By the Himalayan definition of a mountain, being a summit with at least 7% topographic prominence relative to height, Maifadi is not in fact a mountain summit, but rather a subsidiary summit of Makheka in Lesotho. By this definition, Champagne Castle is the highest mountain summit in South Africa, although Maifadi is unquestionably the highest point in South Africa.

== Ascent==
===Hiking===
Ascents of Maifadi, attempted from the South African side, are normally made from the Njesuthi campsite. The Njesuthi escarpment of the Drakensberg is one of the more remote hiking regions, and normally takes two days to reach the escarpment. The route involves about an 8 km hike to Marble Baths. This is followed by continuing up the river and with a combination of short paths and boulder hopping. This all ends at the bottom of the ridge, which leads to the Molar, with a campsite. The subsequent path up the ridge to the top of the mountains is known as Leslie's Pass. The path follows the ridge until below a rocky band where it traverses to southern side. The way continues up a short scree section, followed by more hiking up a quite steep gradient, until the final 20 m are made up a grassy slope. From here, the top of Leslie's Pass (Note: Leslie's Pass ) follows, and a spectacular hike up the ridge connecting Lithobolong and Maifadi.

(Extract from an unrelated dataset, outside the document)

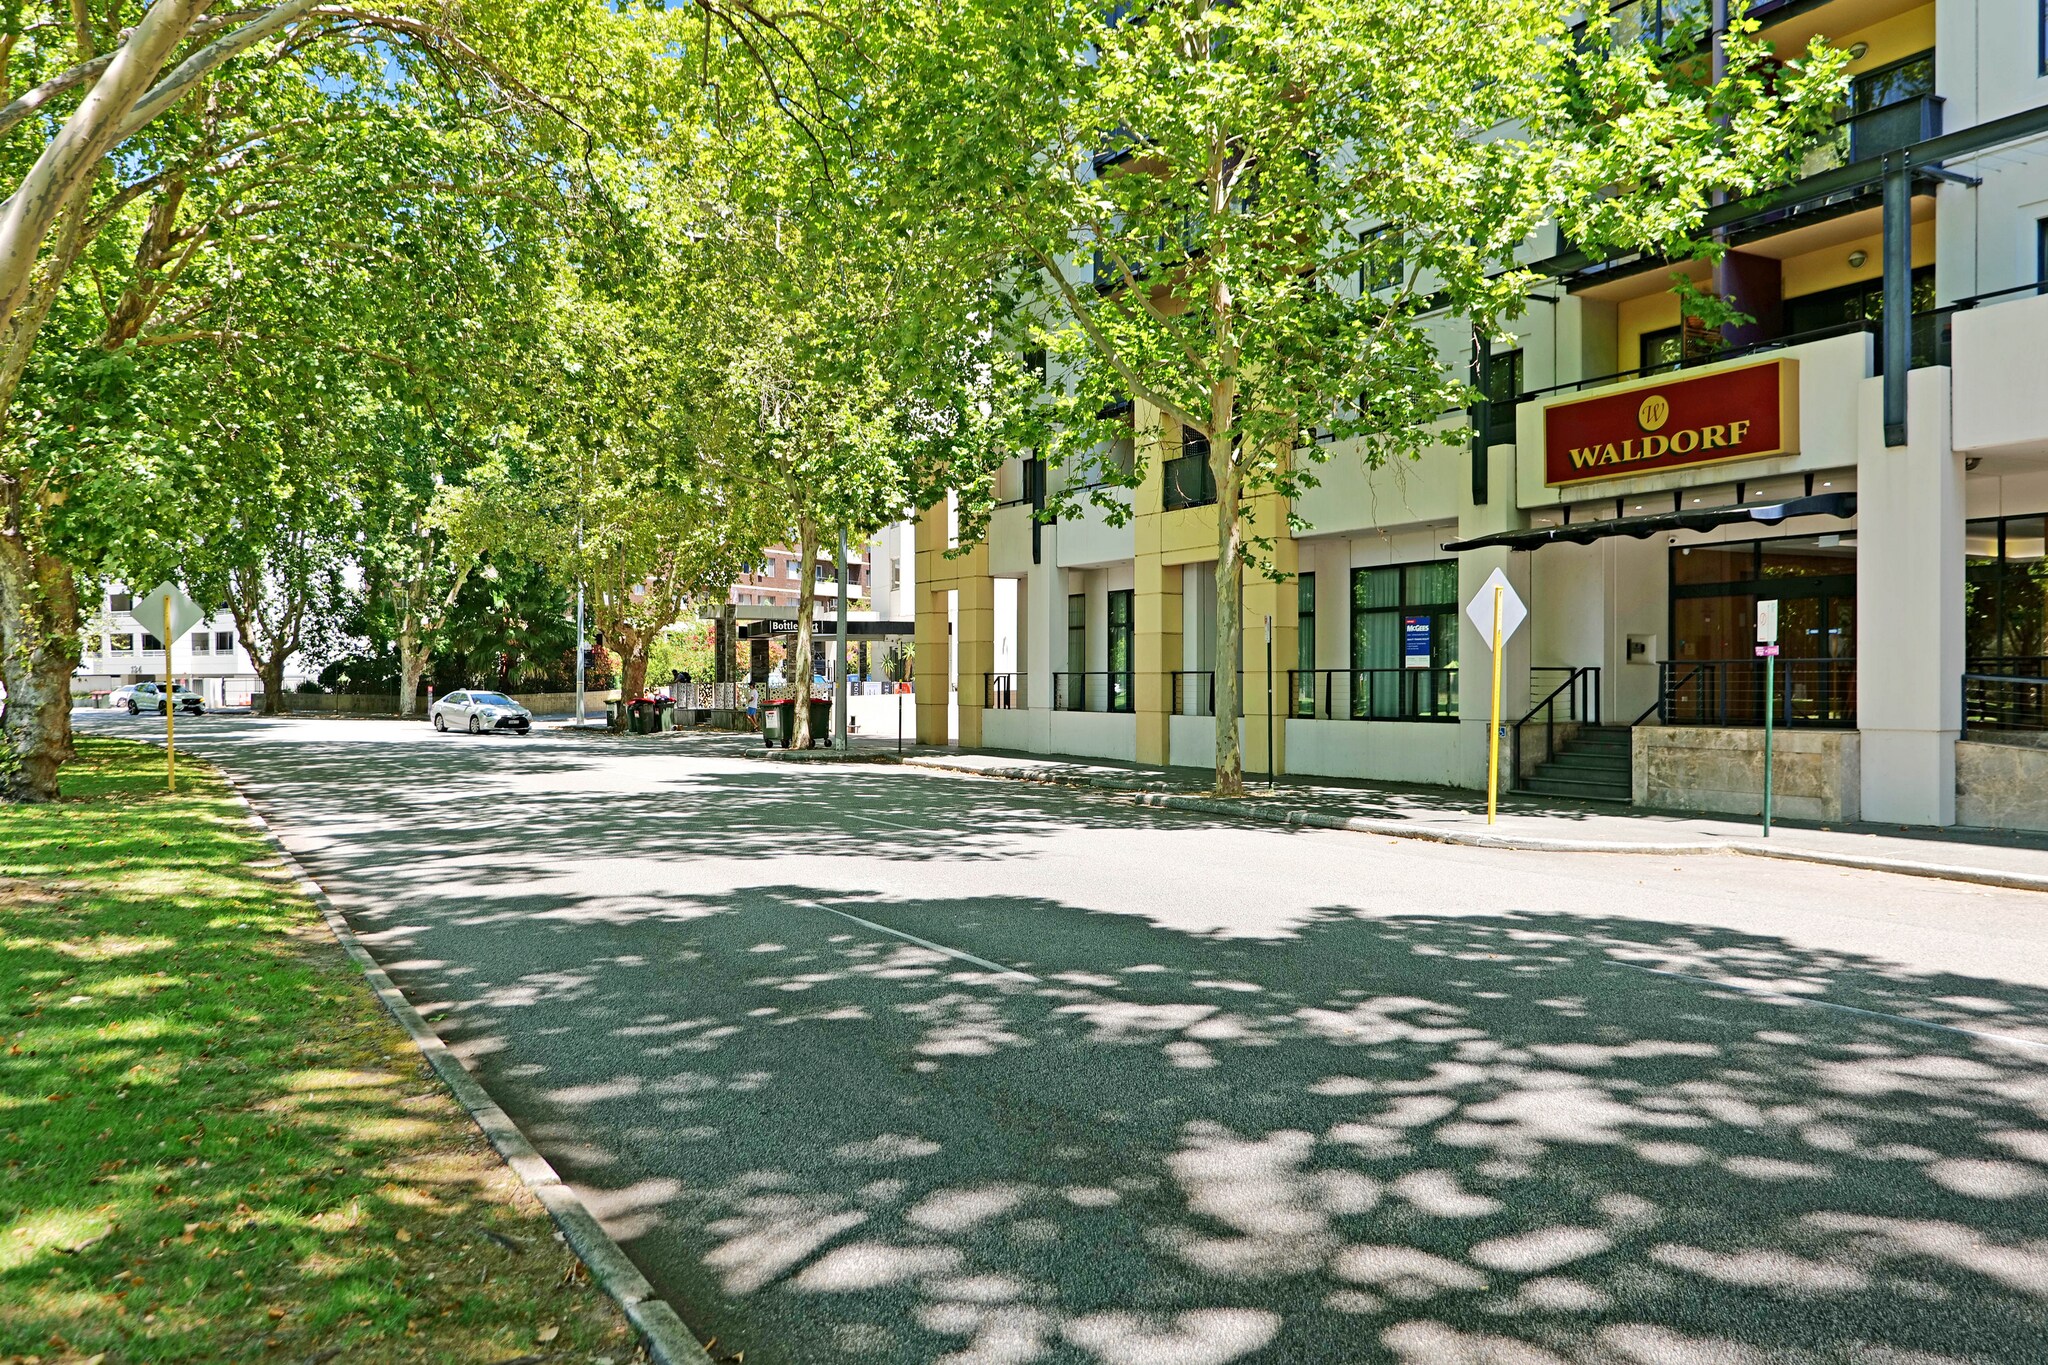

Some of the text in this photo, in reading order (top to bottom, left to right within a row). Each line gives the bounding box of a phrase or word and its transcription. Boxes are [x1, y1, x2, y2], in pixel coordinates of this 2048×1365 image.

[1642, 403, 1665, 424] W
[1569, 420, 1750, 469] WALDORF
[773, 622, 818, 630] Bottlert

A route referred to as the Corner-Leslies Loop is becoming a popular way of reaching Maifadi. It entails hiking to Centenary Hut in Injisuthi Nature Reserve on day 1, ascending Corner Pass and climbing Maifadi on day 2, descending Leslie's Pass to Marble Baths on day 3, and returning to the Njesuthi campsite on day.

===Running===
On 8 October 2015, South African trail runners Ryan Sandes and Ryno Griesel set a Fastest Known Time (FKT) for the ascent of Mafadi via the Northern High Approach, an alternative, and slightly shorter but steeper route of the popular Corner's pass. They set a time of 5h 47.59 min, starting and ending at the Njesuthi campsite, and covered a total of 38.52 km with approximately 2400 m of elevation gain/loss. The previous FKT was set in 2012 by fellow South African, Andrew Porter, with a time of 6 h 22 min from the Giant's Castle campsite via Judge pass.

== Disputed name ==
The name of Maifadi (which literally means the Mother of Fadi) is currently under dispute, its original Sotho name Ntheledi (which means "Makes me slip", referring to the nearby stream) being considered by some to be more relevant and correct.